The swarm led him to a dock, where the comet coalesced again into a cloud above the man-size door to a boathouse of weathered mahogany. Upon Wyatt’s arrival, the fireflies dispersed, cascading away into the darkness like the fading sparks from Independence Day pyrotechnics, and were gone as if they had been an apparition.

When he lowered his gaze, the moonlight revealed that the boathouse door stood ajar. He was certain it had been closed tight when he arrived.

From Liam O’Hara, he’d learned the history of the property. For twenty-three years, it had been in the possession of Roy and Ivy Kornbluth, from whom the billionaire acquired it. The Kornbluths had sustained a successful horse-breeding operation. During their time at Rustling Willows, evidently nothing outré or even particularly dramatic had happened. Prior to Roy and Ivy, the owners were Emelia and Samuel Chase. Emelia drowned in Lake Sapphire. Only two weeks later, Samuel had been mauled and killed by a bear.

In spite of the fact that those deaths were far in the past, some potential buyers might have had a superstitious aversion to buying a place where two such tragedies occurred, one especially horrific. Liam and Lyndsey didn’t believe in curses. To them, this history was colorful, not problematic.

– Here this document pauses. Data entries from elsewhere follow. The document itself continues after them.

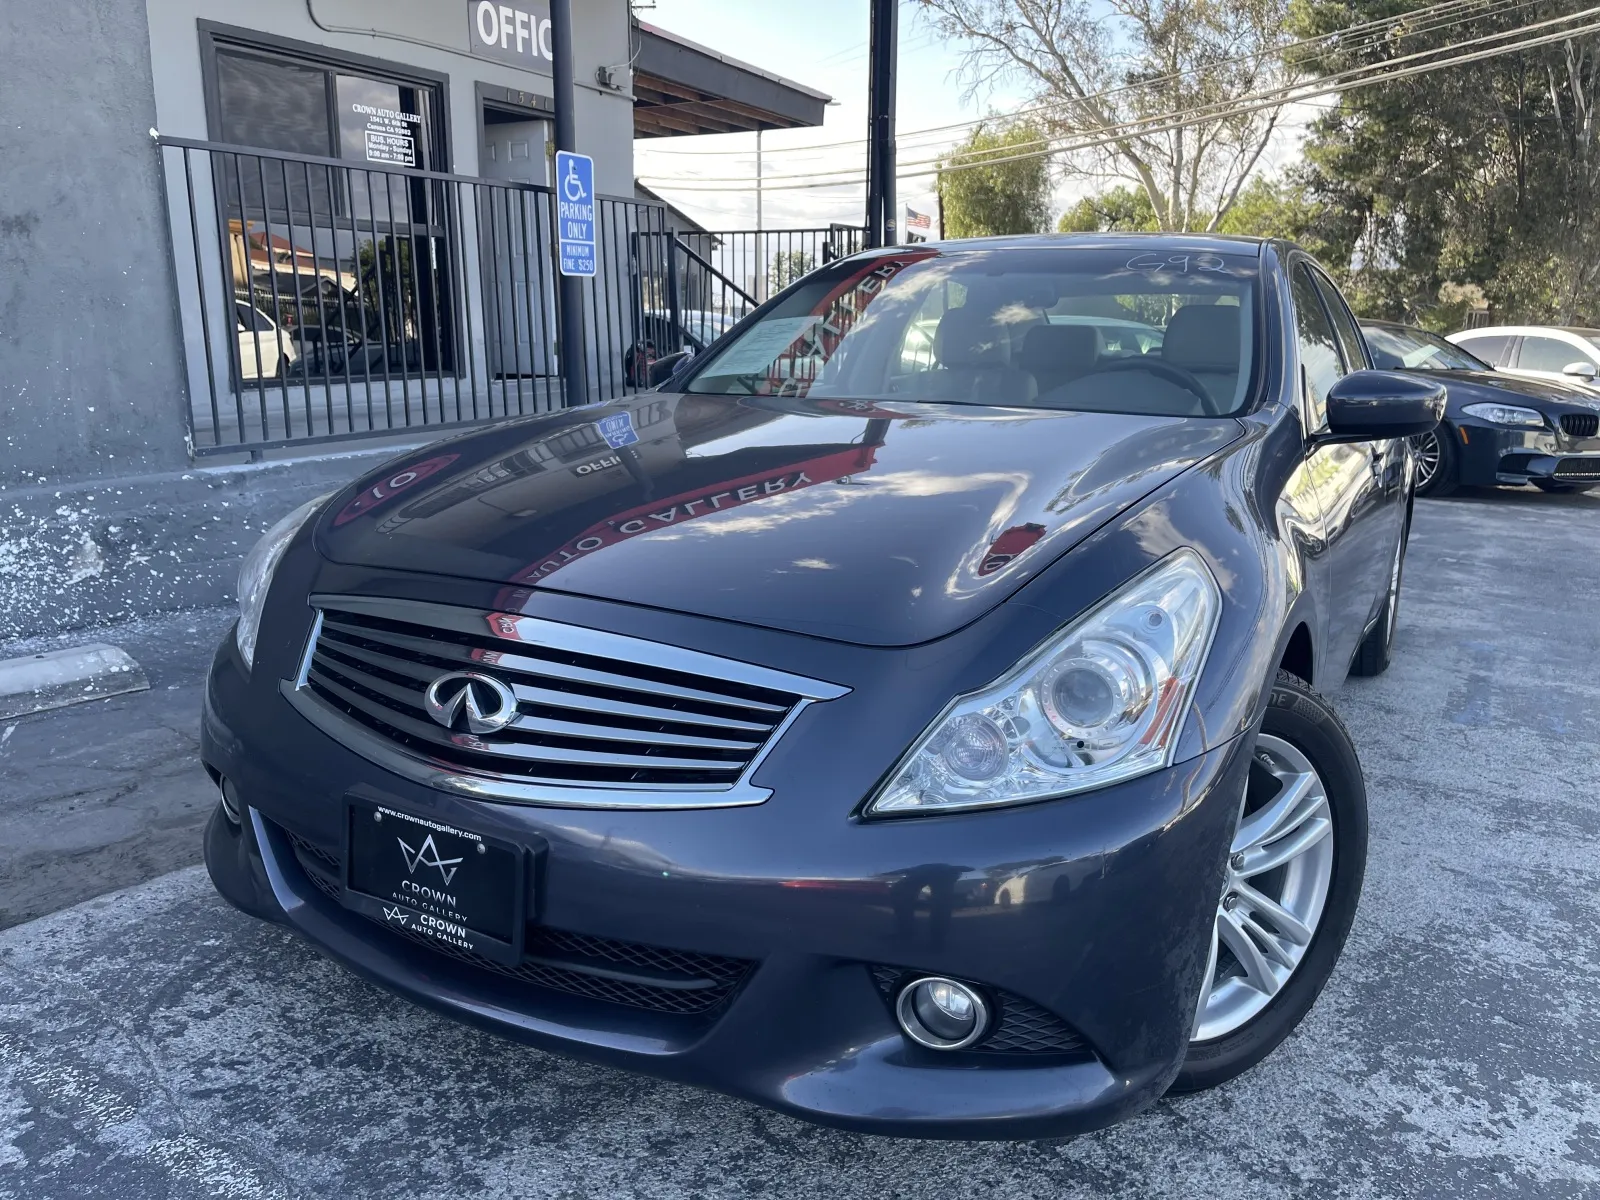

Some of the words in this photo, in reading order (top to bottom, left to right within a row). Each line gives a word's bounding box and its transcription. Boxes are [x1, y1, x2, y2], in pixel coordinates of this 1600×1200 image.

[477, 0, 553, 61] OFFIC
[352, 104, 376, 115] CROWN
[377, 109, 394, 118] AUTO
[395, 112, 420, 123] GALLERY
[370, 116, 383, 124] 1541
[386, 125, 395, 133] CA
[368, 142, 388, 152] Monday
[393, 145, 412, 155] Sunday
[370, 135, 385, 144] BUS.
[386, 137, 409, 148] HOURS
[560, 201, 593, 222] PARKING
[567, 221, 587, 239] ONLY
[566, 244, 590, 257] MINIMUM
[563, 258, 575, 270] FINE
[578, 259, 594, 271] $250
[377, 805, 482, 842] www.crownautogallery.com
[401, 880, 456, 908] CROWN
[392, 892, 418, 906] AUTO
[422, 902, 468, 922] GALLERY
[420, 914, 466, 938] CROWN
[411, 923, 433, 935] AUTO
[436, 932, 474, 950] GALLERY

The long stillness of the day suddenly relented to a breeze out of the forested mountains to the north, rippling the image of the moon on the dark water and ruffling Wyatt’s hair. Under the soft wind’s gentle hand, the boathouse door eased inward on creaking hinges, revealing nothing other than darkness deeper than the night.

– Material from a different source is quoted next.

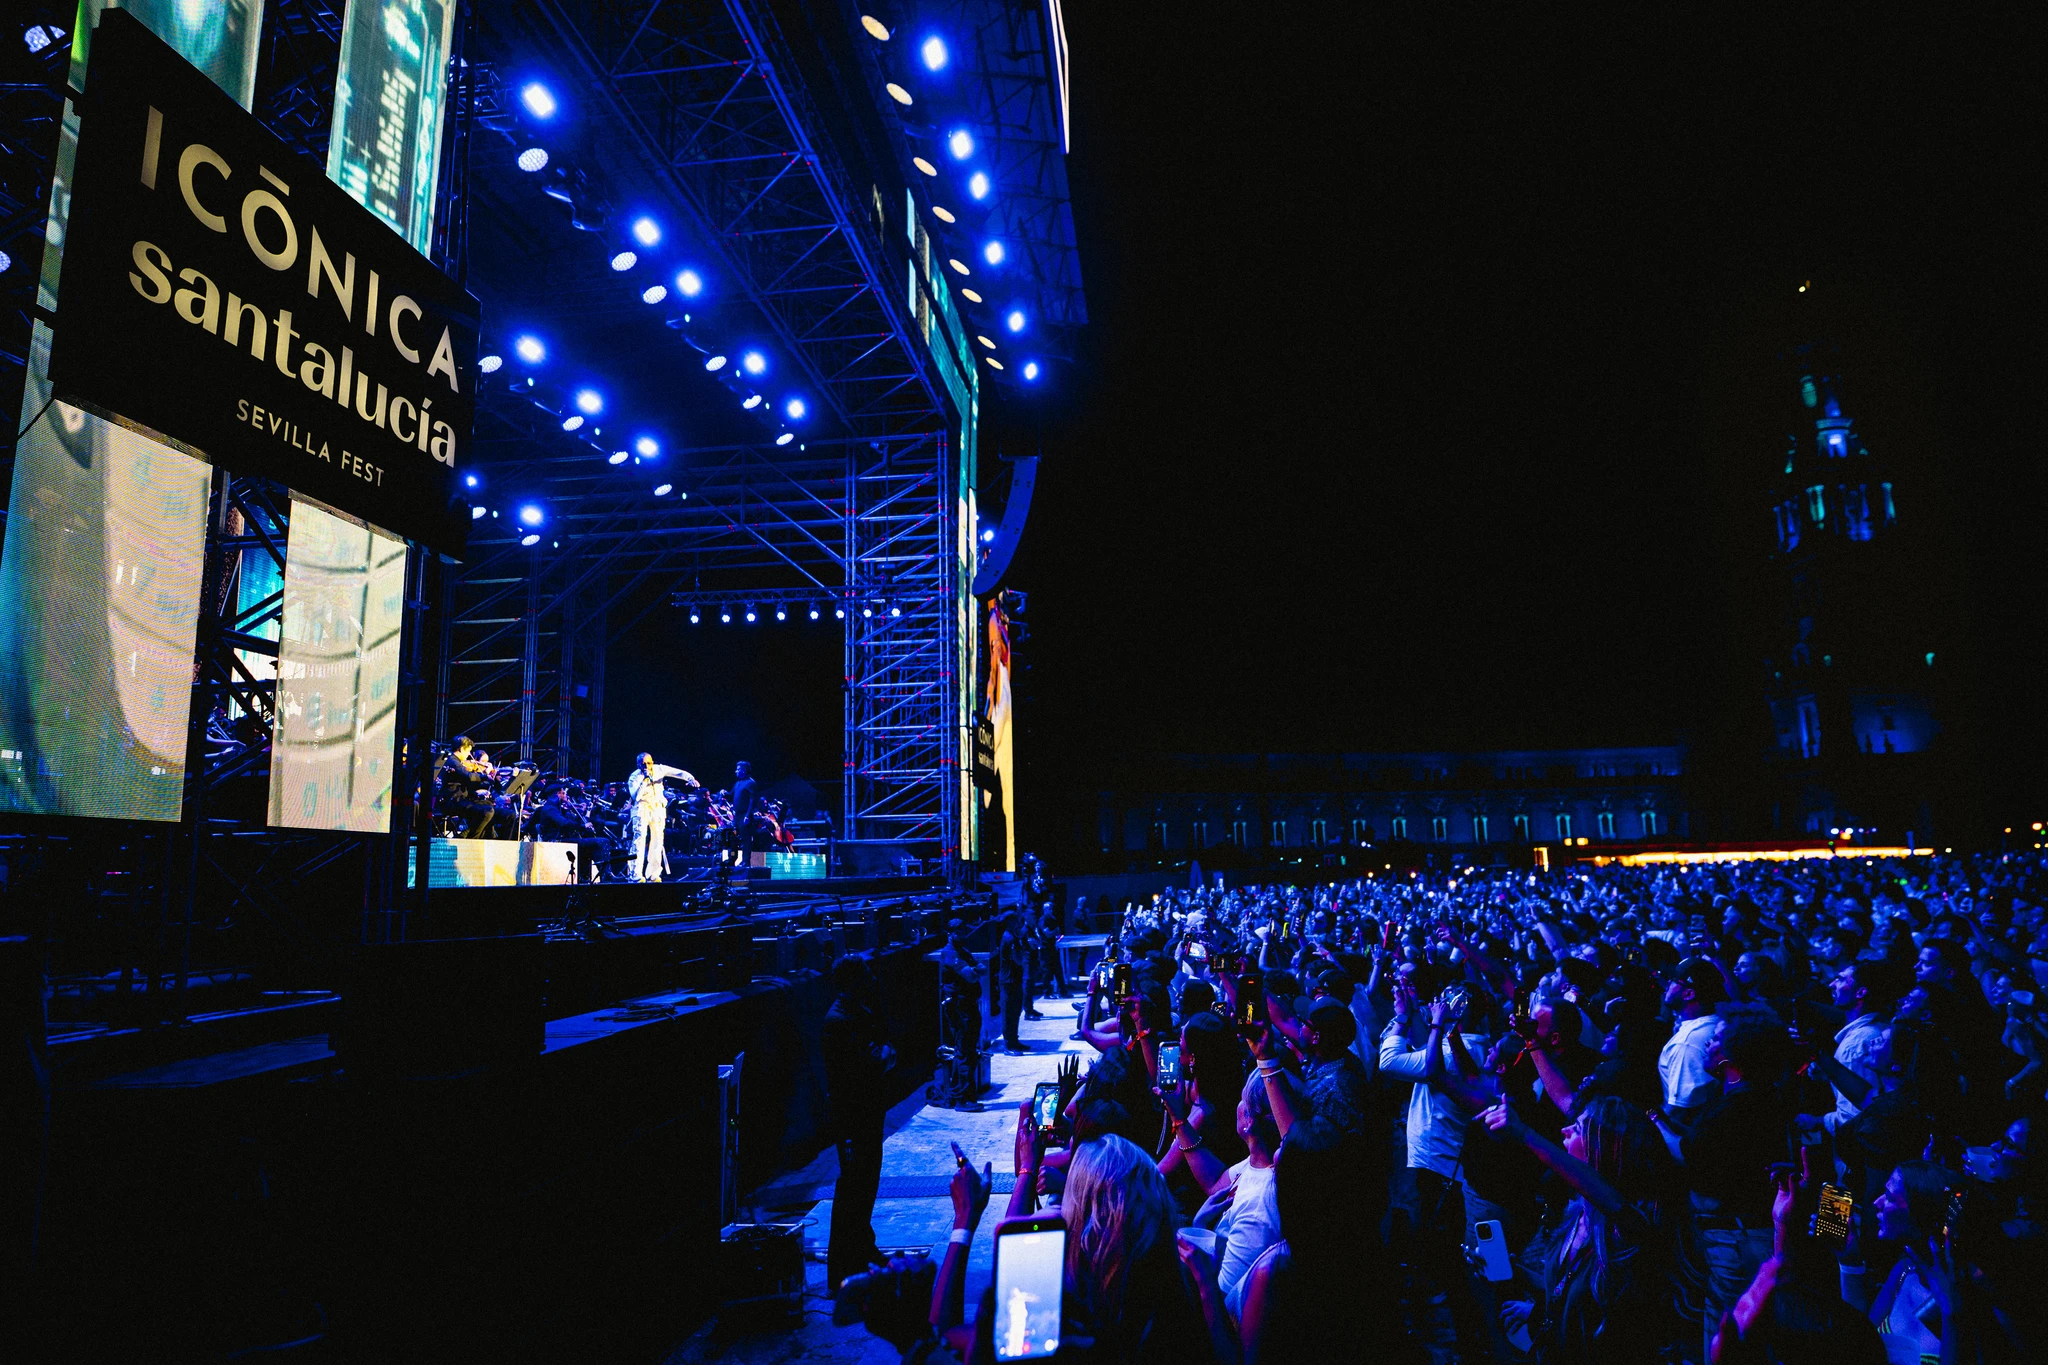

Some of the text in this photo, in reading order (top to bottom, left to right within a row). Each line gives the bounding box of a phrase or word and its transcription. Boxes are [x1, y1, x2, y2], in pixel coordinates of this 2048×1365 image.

[128, 240, 457, 468] santalucía
[236, 398, 386, 489] SEVILLA FEST

Emelia Chase came here on the last day of her young life and launched the skiff, never to return. Her body had washed ashore. Her spirit didn’t haunt this place twenty-four years later.

Yet as the water lapped at the pilings under the dock planks, Wyatt had the curious feeling that the door wasn’t opening under the influence of the breeze, but was being drawn open by someone inside, in a wordless invitation to . . . To what?

Within the boathouse, something thumped softly and after a few seconds thumped again. Maybe a skiff or small motorboat was moored in there, left in the water, knocking against the rubber bumpers that protected it, as the lake rhythmically swelled and receded under the craft.

He hadn’t brought a flashlight. But inside, to the right of the door, would be a switch. He could feel for it and flip it up without stepping across the threshold.